The thought that what we do defines who we are as a person seems so simple but yet so intricate and complicated at the same time.  Do we see ourselves differently than other people see us?  How would I be defined?  And would I be happy with that form of judgement? 

I don’t think I would be happy with being defined by what I do on a daily basis.  Yes, I am a student, a christian, a good friend, a cashier at Target, etc.  While these things make me part of the person I want to be, I also feel like my life is missing a large piece that’s vital to my happiness.  But what is it?  I have been asking God this question for about 2 months now.  I’ve been asking Him to take over and lead me the direction I’m supposed to go with my life; Maybe give me some answers as to what I’m supposed to be doing with my time here.  So far, I feel as though my response is on level zero.  Nothing.  So how do I achieve the ultimate goal of doing something that defines me in the way I would want to be defined and that makes me happy, when I don’t even know what I’m supposed to be doing?

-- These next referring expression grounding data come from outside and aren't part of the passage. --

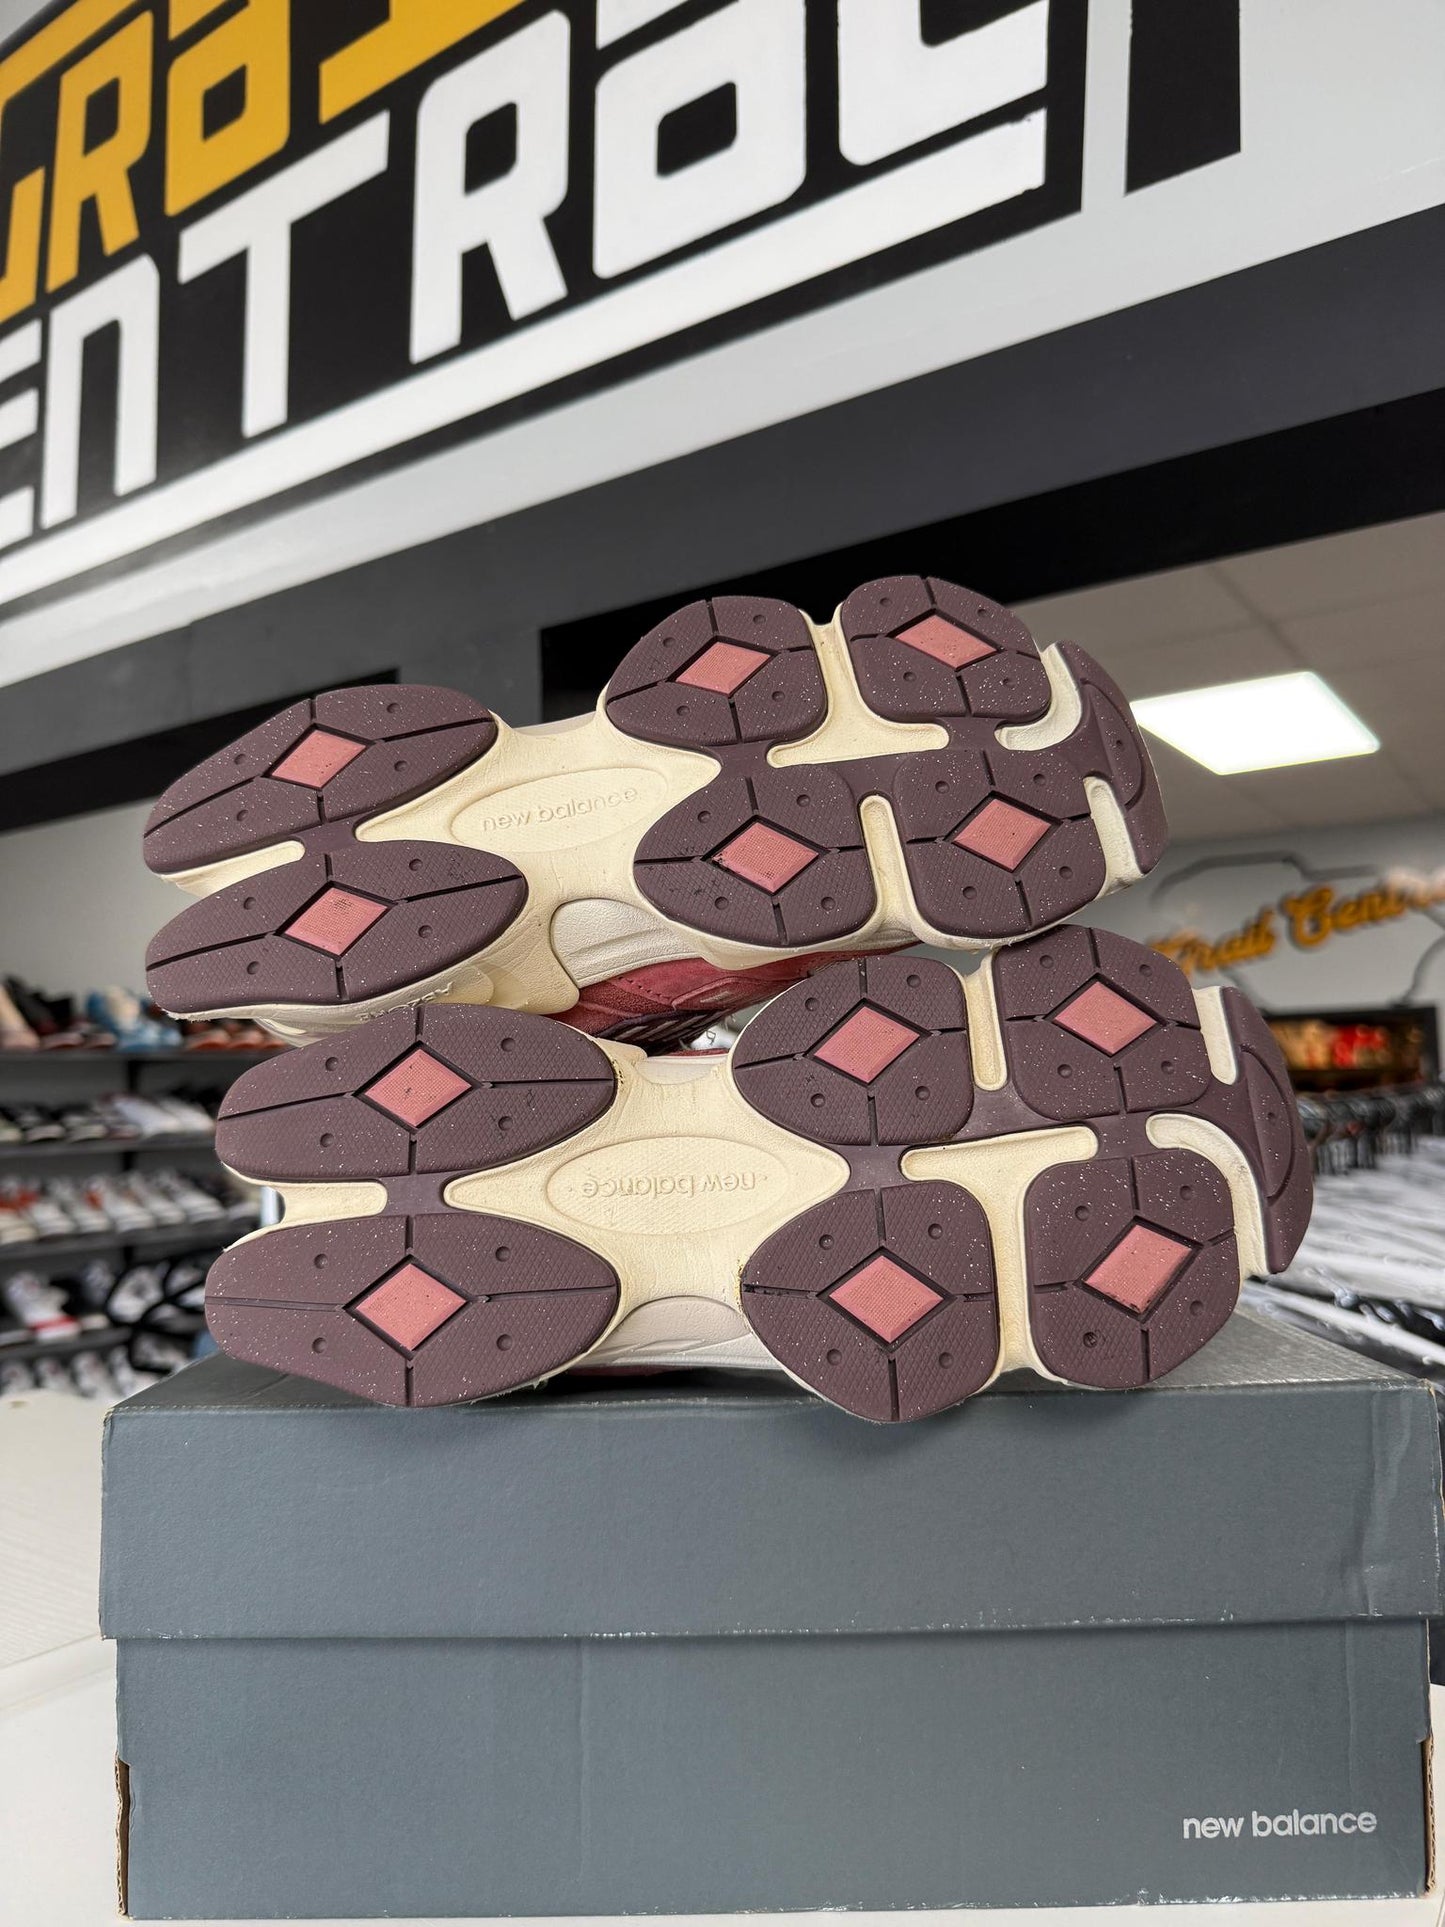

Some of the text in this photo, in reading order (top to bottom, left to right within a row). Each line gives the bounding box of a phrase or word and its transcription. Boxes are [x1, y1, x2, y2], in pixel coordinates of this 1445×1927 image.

[480, 785, 639, 833] new balance
[582, 1171, 757, 1199] new balance
[1183, 1809, 1378, 1839] new balance
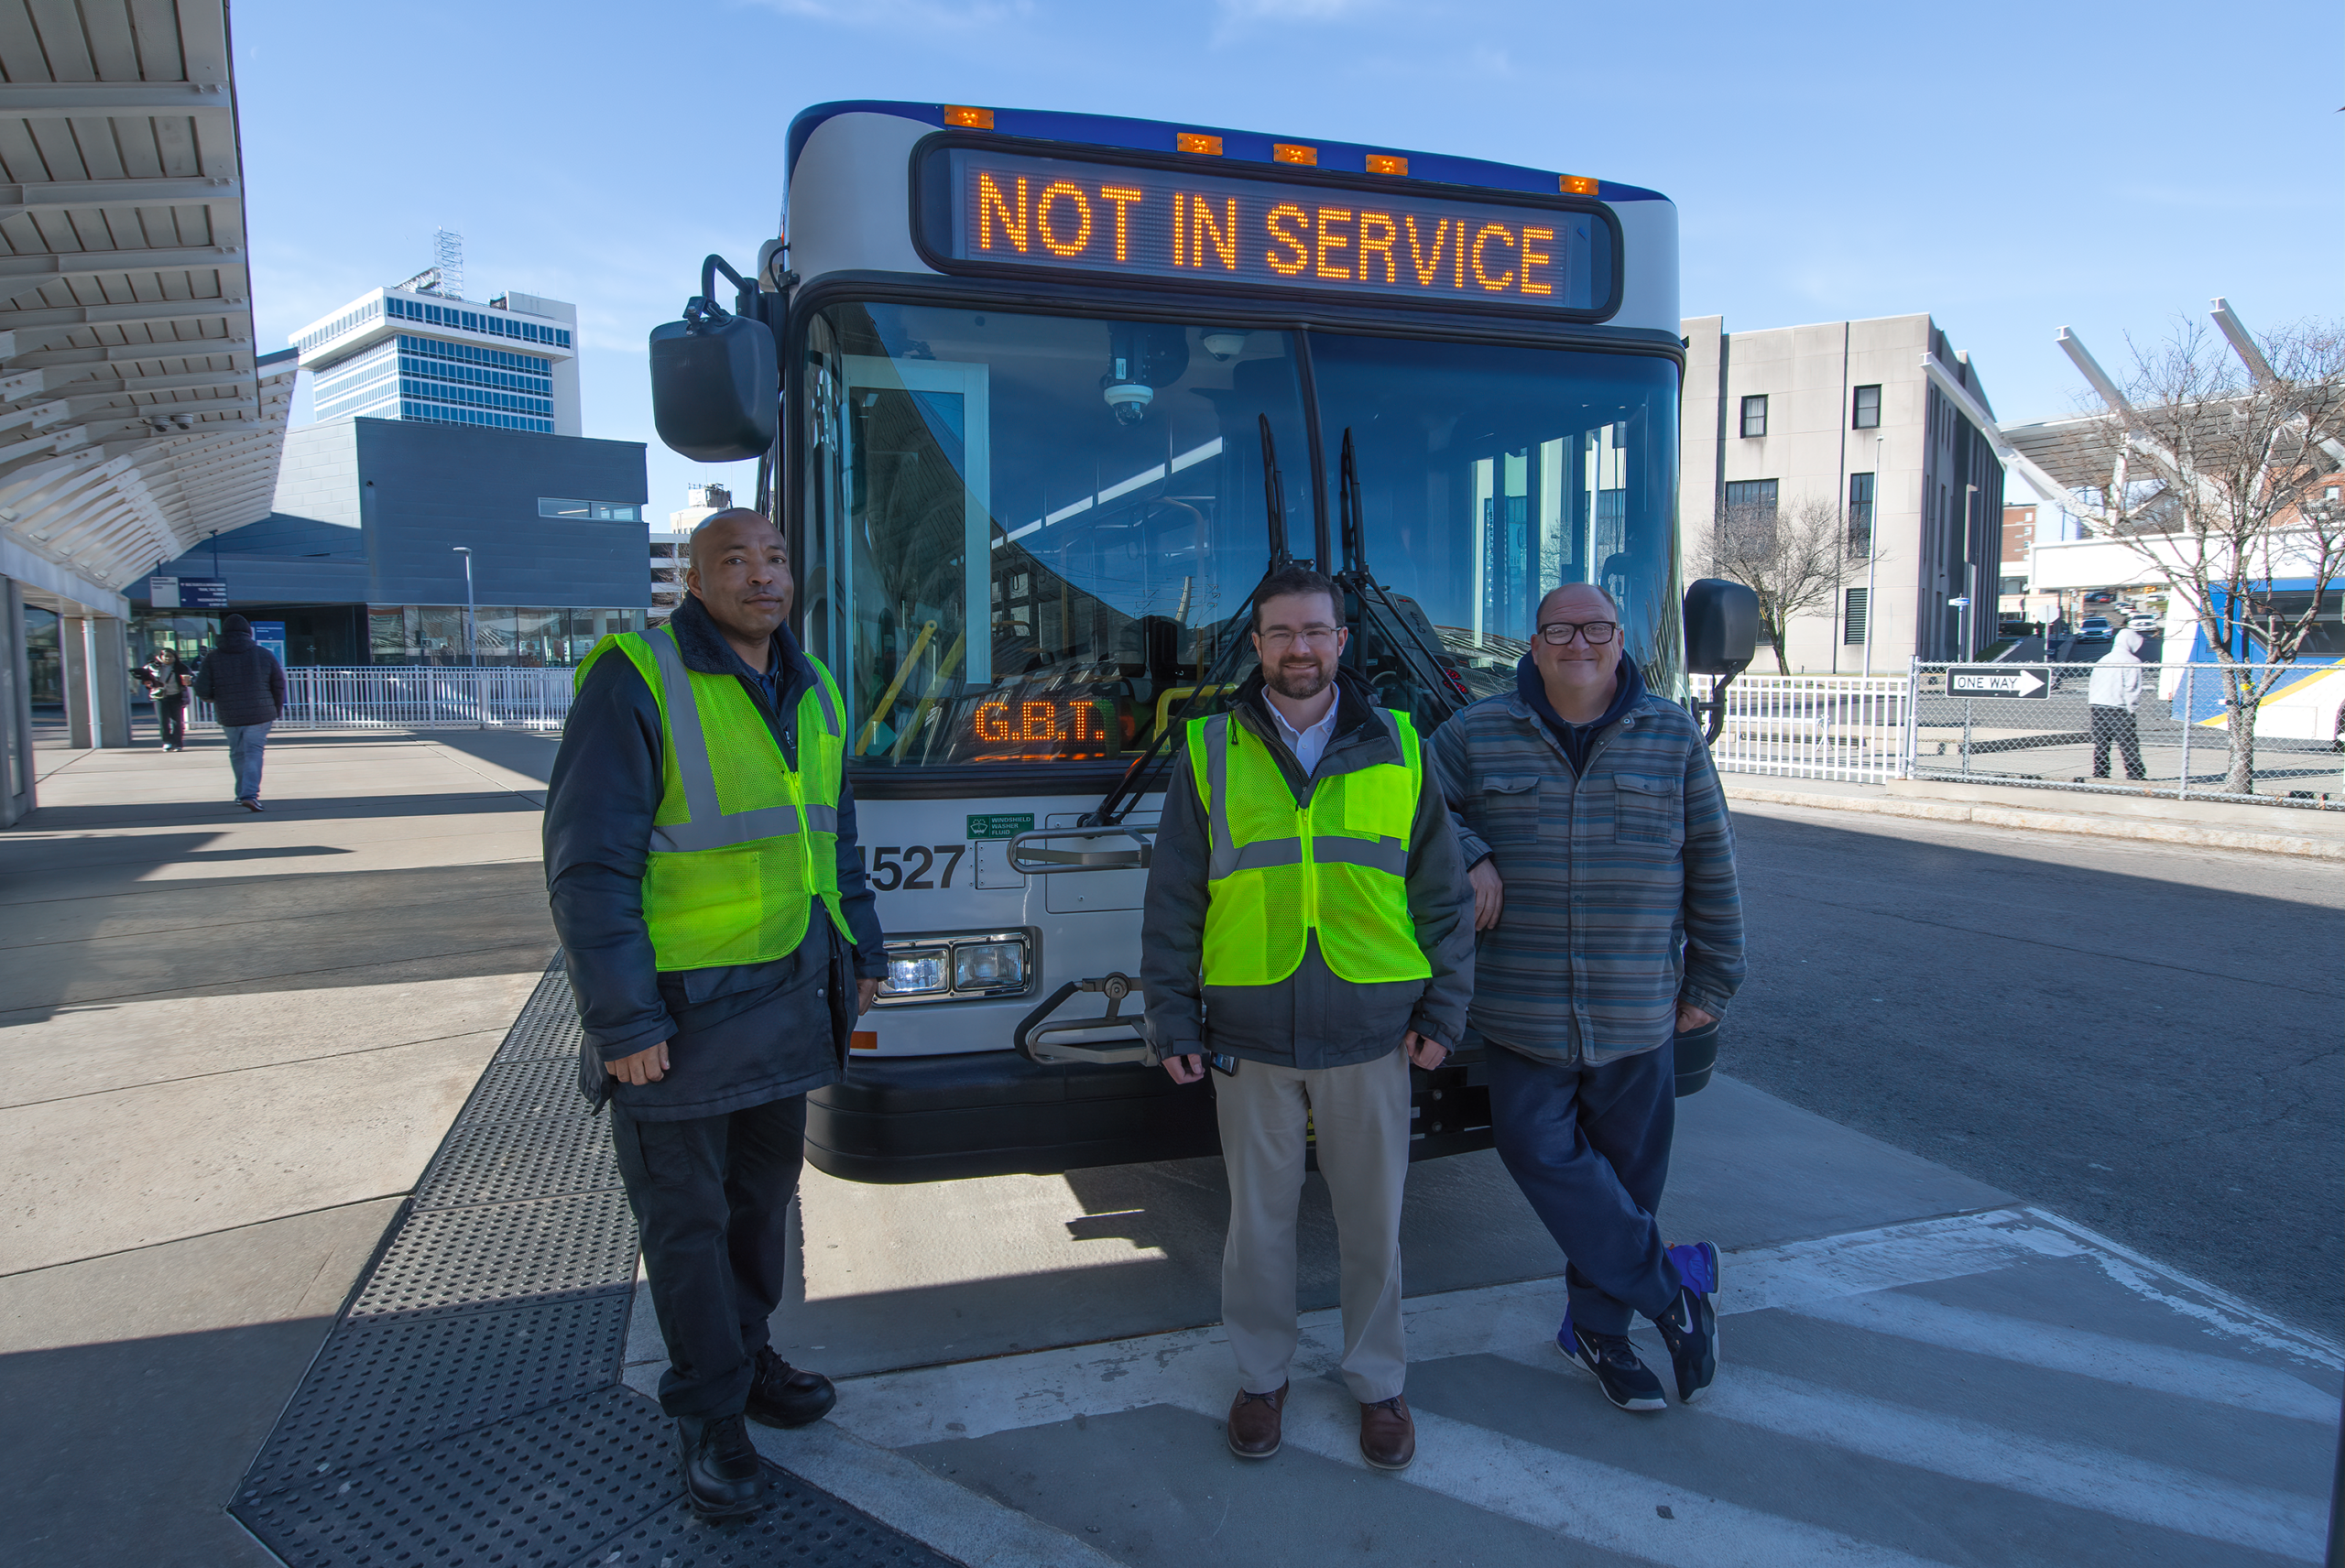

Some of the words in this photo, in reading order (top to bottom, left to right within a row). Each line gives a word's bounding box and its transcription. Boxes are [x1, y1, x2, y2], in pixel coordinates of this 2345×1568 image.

[979, 172, 1141, 262] NOT
[1173, 191, 1237, 269] IN
[1266, 202, 1554, 296] SERVICE
[1958, 677, 1984, 689] ONE
[1990, 678, 2018, 690] WAY
[976, 702, 1105, 740] G.B.T.

Coincidentally, Pastor Jim’s sermon this morning was on almost the same topic.  In Matthew, chapter 16 (for those of you who will reference), Jesus asks the disciples what the word on the street is about Him.  He wants to know what people say about Him, and what people call Him.  The disciples respond by telling Jesus they’ve heard him compared to Jeremiah, Elijah, John the Baptist, and/or the other prophets.  Then Jesus asks the disciples who they think He is, and Simon Peter tells Jesus he is the Messiah.  Then Jesus defined Peter, telling him who he was, and labeling him as a follower of Christ and a leader of the church.  The disciples knew who Jesus was, and that he was so extraordinary a person just by the way he lived and what he did with his life, and likewise, Jesus knows who we are, and how to define each and every one of us.

How is it so simple to define Jesus and so hard to define ourselves?  And why is it so hard to figure out how I want to be defined? 

Defining ourselves is a daily task.  The simple day to day things like caring for someone, being humble and forgiving, loving another person, being a good listener, and all the other simple things we can do every day.  That’s what helps define who we are.  And maybe the piece of definition that’s missing isn’t going to come as a bright yellow flashing sign with arrows pointing me in the right direction.  Maybe I need to take Pastor Jim’s advice and just go for it.  Just do something.  We are all on a journey that we create for ourselves, and it’s time for me to make a change in my path and direction.  I’m ready to take a risk and do something without knowing 100% that it’s what I’m supposed to do.  I’m ready to really put my trust in God that my risks and decisions will lead me in the direction He wants me to go.  And hopefully along the journey I’ll find my purpose, and true, genuine, absolute joy.